Does Vicky Ward honestly believe that every uncoupled man over thirty-five is suffering from this serious mental illness? It seems that she does.

Why? Could it be that she is frightened? In her article she comments that, in New York, where she is based, there is an excessive number of single women to men, so if she feels that a committed partner is necessary to a woman's sense of well-being then she might well feel threatened by men who want something different. Projecting psychopathology onto people who do not agree with you, especially about values, is a very old strategy.

'They are sad and therefore they are mad' is a good cover for fear. There is an alternative, though: 'They are not sad and therefore they are bad.' My mother was widowed shortly after she turned sixty. She lived alone for the remaining twenty-five years of her life. I do not think she was ever reconciled to her single status. She was very much loved by a great many, often rather unexpected, people. But I think she felt profoundly lonely after my father died, and she could not bear the fact that I was enjoying solitude. I had abandoned marriage, in her view, and was now happy as a pig in clover. It appalled her – and she launched a part-time but sustained attack on my moral status: I was selfish.

It was 'selfish' to live on my own and enjoy it.

Interestingly, this is a very old charge. In the fourth century AD, when enthusiastic young Christians were leaving Alexandria in droves to become hermits in the Egyptian desert, their Bishop Basil, infuriated, demanded of one of them, 'And whose feet will you wash in the desert?' The implication was that in seeking their own salvation out with the community, they were neither spreading the faith nor ministering to the poor; they were being selfish. This is a theme that has cropped up repeatedly ever since, particularly in the eighteenth century, but it has a new edge in contemporary society, because we do not have the same high ethic of 'civil' or public duty. We are supposed now to seek our own fulfilment, to act on our feelings, to achieve authenticity and personal happiness – but mysteriously not do it on our own.

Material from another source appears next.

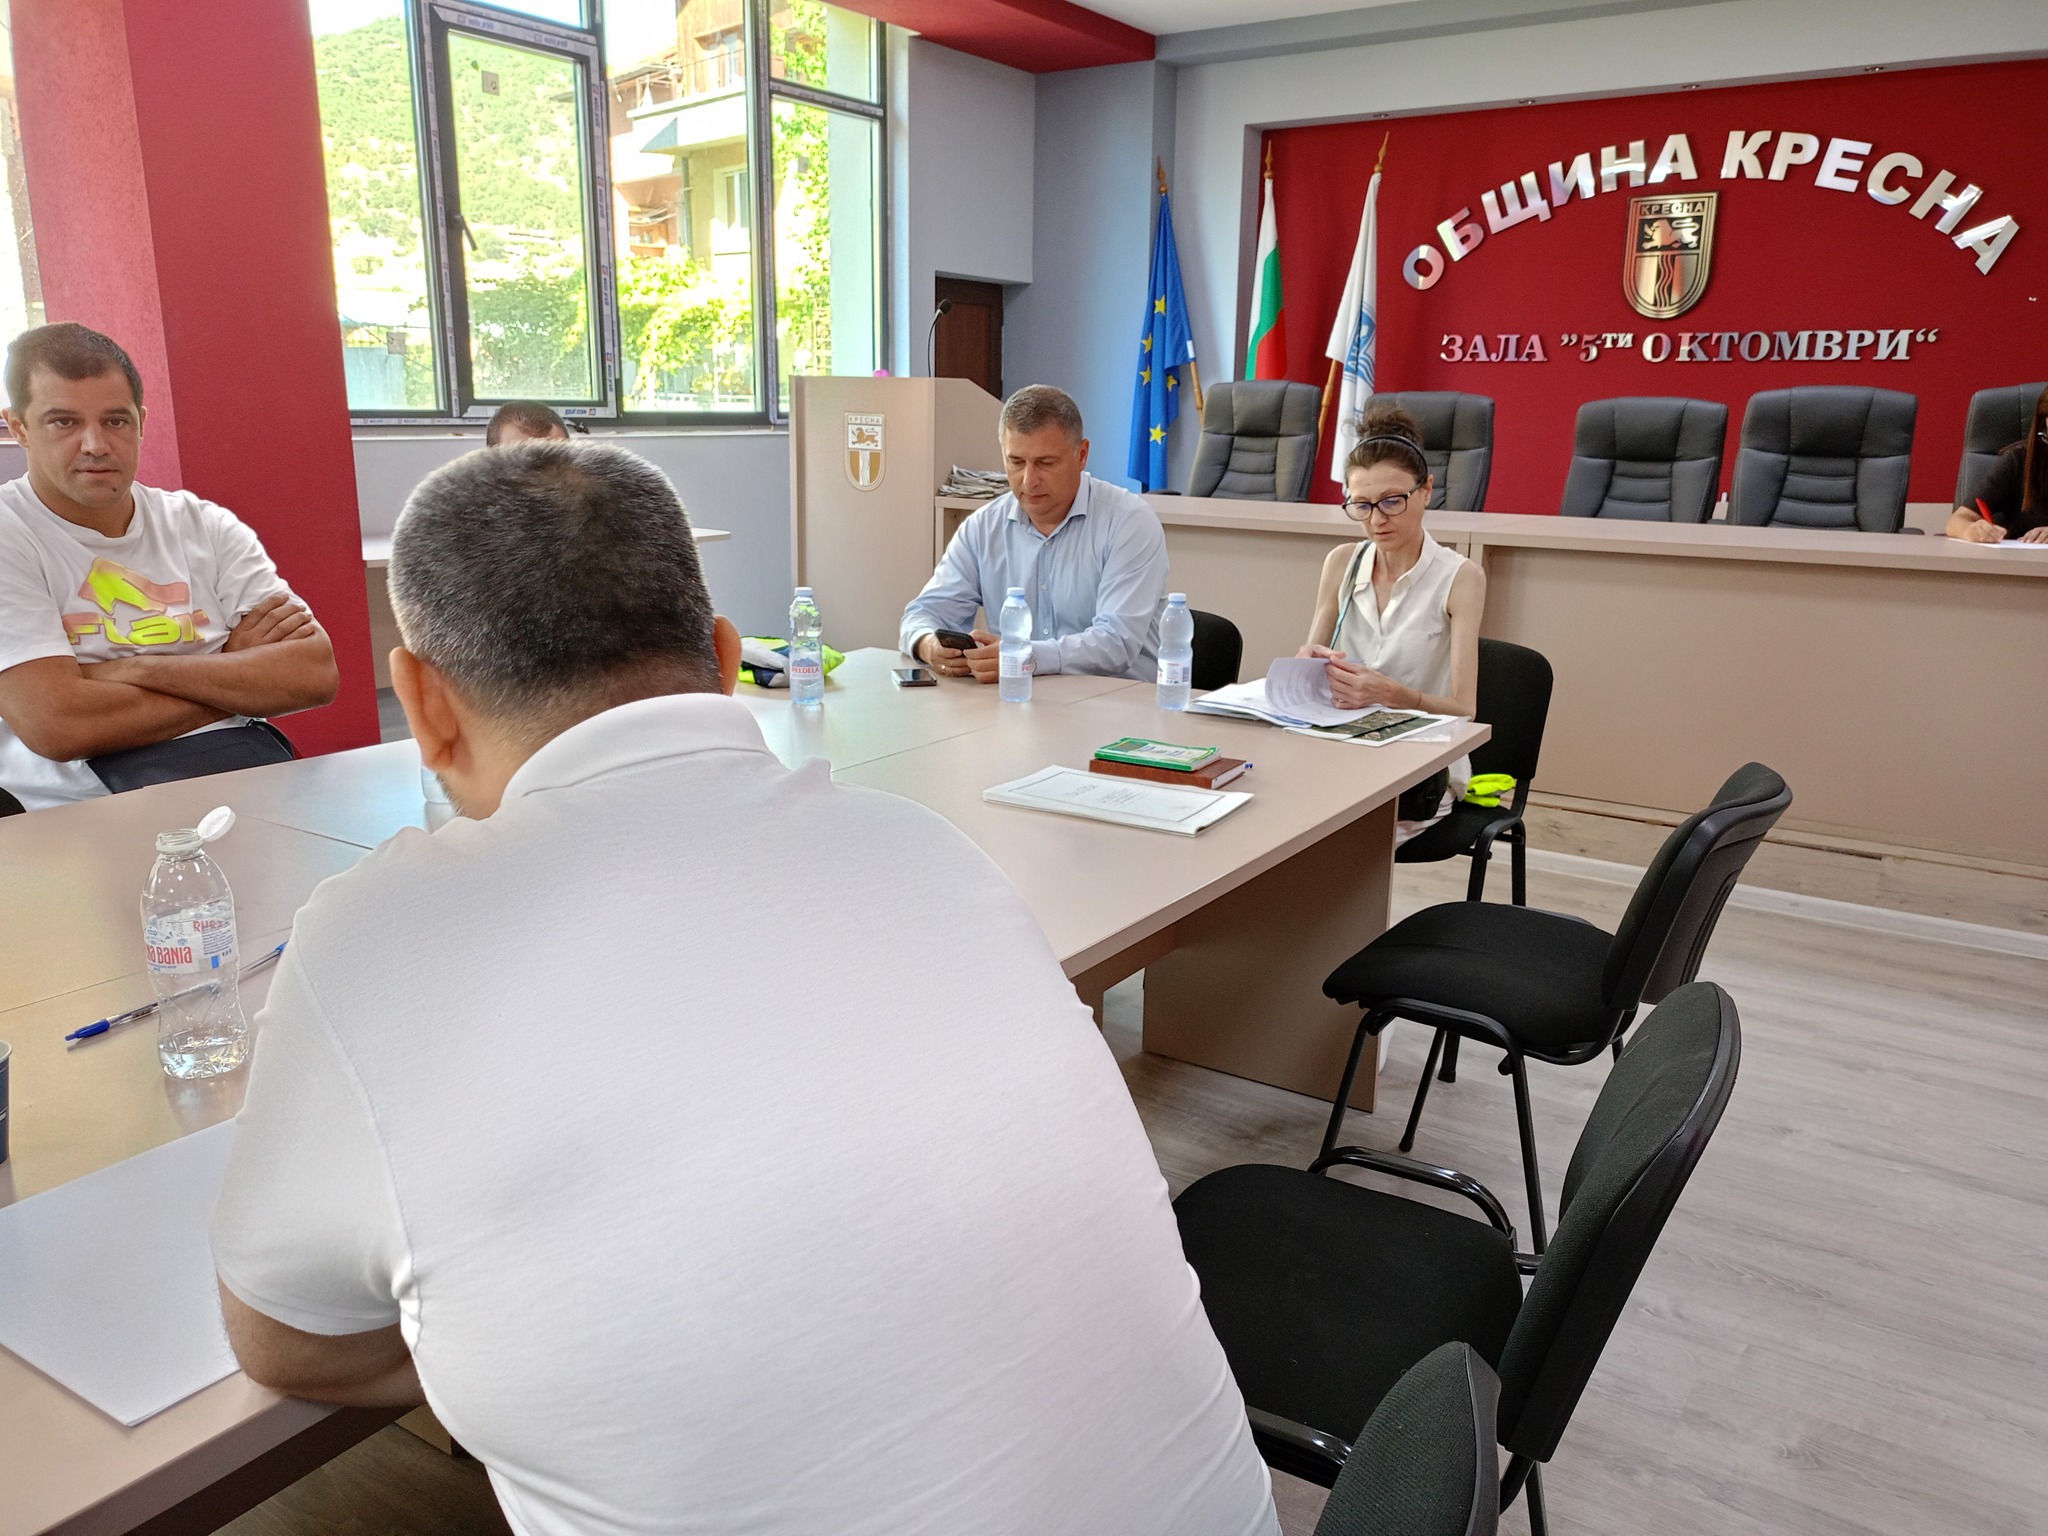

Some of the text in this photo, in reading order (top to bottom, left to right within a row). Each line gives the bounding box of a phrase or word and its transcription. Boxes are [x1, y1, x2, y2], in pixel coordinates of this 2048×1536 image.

[1402, 129, 2020, 291] ОБЩИНА КРЕСНА
[1641, 202, 1704, 215] КРЕСНА
[1440, 334, 1548, 362] ЗАЛА
[849, 416, 881, 424] КРЕСНА

Today, more than ever, the charge carries both moral judgement and weak logic. I write a monthly column for The Tablet (a Catholic weekly magazine) partly about living on my own. One month I wrote about the way a conflict of duties can arise: how 'charitable' is the would-be hermit meant to be about the needs and demands of her friends? One might anticipate that a broadly Catholic readership would be more sympathetic to the solitary life because it has such a long (and respected) tradition behind it. But I got some poisonous letters, including one from someone who had never met me, but who nonetheless felt free to pen a long vitriolic note which said, among other things:

Given that you are obviously a person without natural affections and a grudging attitude towards others it is probably good for the rest of us that you should withdraw into your own egocentric and selfish little world; but you should at least be honest about it.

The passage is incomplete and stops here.